How many calories are added when food is served hot?

Read what I said again.

Here’s another way to think about your statement. My gas furnace can convert chemical energy to radiant energy.
But nobody cares that it can’t make gas out of radiant energy.
For computation of energy, if I bring a cup of coffee into the house my furnace will shut off having burned 15 calories less gas.
If I drink the coffee, I will use 15 calories less food.

I have, and here it is: YOU may now read it again along with me and point out how I misinterpreted it.
It sure seems simple. It sure seems to be an ad absurdum error.

We get most of our caloric energy from fats and carbs. If your claim that heating a substance adds calories which the body can extract is correct, then surely we could replace most or all of our caloric intake with hot water, in sufficient amounts.

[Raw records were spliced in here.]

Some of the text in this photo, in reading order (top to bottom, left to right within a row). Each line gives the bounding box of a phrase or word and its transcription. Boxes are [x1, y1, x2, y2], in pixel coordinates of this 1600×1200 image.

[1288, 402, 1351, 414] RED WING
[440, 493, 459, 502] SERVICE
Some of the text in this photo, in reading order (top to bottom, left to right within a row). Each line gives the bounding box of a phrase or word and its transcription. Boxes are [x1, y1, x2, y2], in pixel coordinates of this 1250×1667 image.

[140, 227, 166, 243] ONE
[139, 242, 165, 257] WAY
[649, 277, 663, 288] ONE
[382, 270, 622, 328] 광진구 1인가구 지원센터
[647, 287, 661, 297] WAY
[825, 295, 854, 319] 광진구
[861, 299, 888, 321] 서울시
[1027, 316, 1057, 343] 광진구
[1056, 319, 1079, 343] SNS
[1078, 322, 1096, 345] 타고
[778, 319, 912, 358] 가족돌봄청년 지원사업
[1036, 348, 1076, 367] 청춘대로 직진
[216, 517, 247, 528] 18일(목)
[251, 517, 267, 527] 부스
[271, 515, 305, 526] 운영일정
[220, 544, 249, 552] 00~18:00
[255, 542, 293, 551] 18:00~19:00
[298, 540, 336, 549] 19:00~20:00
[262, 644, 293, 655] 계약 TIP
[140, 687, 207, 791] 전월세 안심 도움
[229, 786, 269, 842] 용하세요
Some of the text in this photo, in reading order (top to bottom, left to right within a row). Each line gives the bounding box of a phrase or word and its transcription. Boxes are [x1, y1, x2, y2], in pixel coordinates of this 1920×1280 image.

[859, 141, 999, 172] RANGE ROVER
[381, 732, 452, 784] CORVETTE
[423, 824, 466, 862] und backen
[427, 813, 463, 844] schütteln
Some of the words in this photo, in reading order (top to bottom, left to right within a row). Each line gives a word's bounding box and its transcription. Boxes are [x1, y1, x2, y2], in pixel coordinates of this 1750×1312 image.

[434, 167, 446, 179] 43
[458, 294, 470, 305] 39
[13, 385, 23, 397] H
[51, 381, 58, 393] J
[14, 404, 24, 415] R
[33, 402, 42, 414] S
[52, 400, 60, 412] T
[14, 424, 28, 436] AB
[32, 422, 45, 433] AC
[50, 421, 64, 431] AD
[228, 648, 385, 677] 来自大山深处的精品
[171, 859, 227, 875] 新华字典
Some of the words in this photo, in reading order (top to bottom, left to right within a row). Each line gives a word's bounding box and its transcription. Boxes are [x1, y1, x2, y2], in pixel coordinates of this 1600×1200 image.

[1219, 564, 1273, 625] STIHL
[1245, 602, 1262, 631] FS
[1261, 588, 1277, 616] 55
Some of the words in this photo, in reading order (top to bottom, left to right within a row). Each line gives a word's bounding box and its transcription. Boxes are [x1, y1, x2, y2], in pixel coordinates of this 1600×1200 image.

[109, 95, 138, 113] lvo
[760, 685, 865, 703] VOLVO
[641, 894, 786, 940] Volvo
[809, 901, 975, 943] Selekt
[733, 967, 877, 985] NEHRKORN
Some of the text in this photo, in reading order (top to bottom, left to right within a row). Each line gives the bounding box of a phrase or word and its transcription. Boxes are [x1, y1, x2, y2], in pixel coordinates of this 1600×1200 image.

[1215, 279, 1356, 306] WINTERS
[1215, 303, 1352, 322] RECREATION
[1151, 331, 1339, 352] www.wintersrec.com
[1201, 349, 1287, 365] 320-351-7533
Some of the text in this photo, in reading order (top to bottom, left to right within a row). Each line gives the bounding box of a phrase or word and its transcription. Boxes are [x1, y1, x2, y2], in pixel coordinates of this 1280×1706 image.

The body gets energy from the food we eat by breaking down the bonds between carbons and storing this energy in high-energy bonds.
and sto this energy in high-energy bonds. It gets the energy for the bonds by breaking down the bonds of the

The body gets energy from the food we eat by breaking down the bonds between carbons and storing this energy in high-energy bonds.
and sto this energy in high-energy bonds. It gets the energy for the bonds by breaking down the bonds of the

Reducto ad absurdum is a (valid) mode of argumentation and not a logical fallacy, as far as I can tell.

Substantiation follows:

http://www.utm.edu/research/iep/r/reductio.htm

http://en2.wikipedia.org/wiki/Reductio_ad_absurdum

Wow, I didn’t mean to submit that yet. It doesn’t make any sense :smiley:

One sec, technical difficulties…

I believe you are right. Then what is the fallacy Q.E.D. is using (namely that for hot coffee to have caloric value I must be prepared to only drink coffee. If I can’t, then it has ZERO caloric value)?

I never could remember my fallacies. I always run back to a book by Max Shulman The Many Loves Of Dobie Gillis. which became a TV show in the B&W era.

Ok, here’s what the post was supposed to be.

NOTE : the following is grossly oversimplified!

The body breaks down the bonds of the food we eat. It uses the energy gained from breaking these bonds to create other high energy bonds in ATP, a chemical. ATP is used to power various processes in the body. As a convenient way to talk about food energy, chemists call the amount of energy we get from these chemical bonds, energy that powers the reactions in cells, “calories.”

Heat, a form of energy, can also be measured in calories. But if it isn’t energy from chemical bonds, the body won’t be able to break it down and use it to form ATP. So heat calories and food calories are very different things. The E=mc2 thing doesn’t apply – if they calculated the amount of energy in a donut based on its mass times speed of light squared, you’d get a huge amount. The “calories” in a donut are the amount of energy you get from the chemical bonds in it, not the potential energy held within its mass.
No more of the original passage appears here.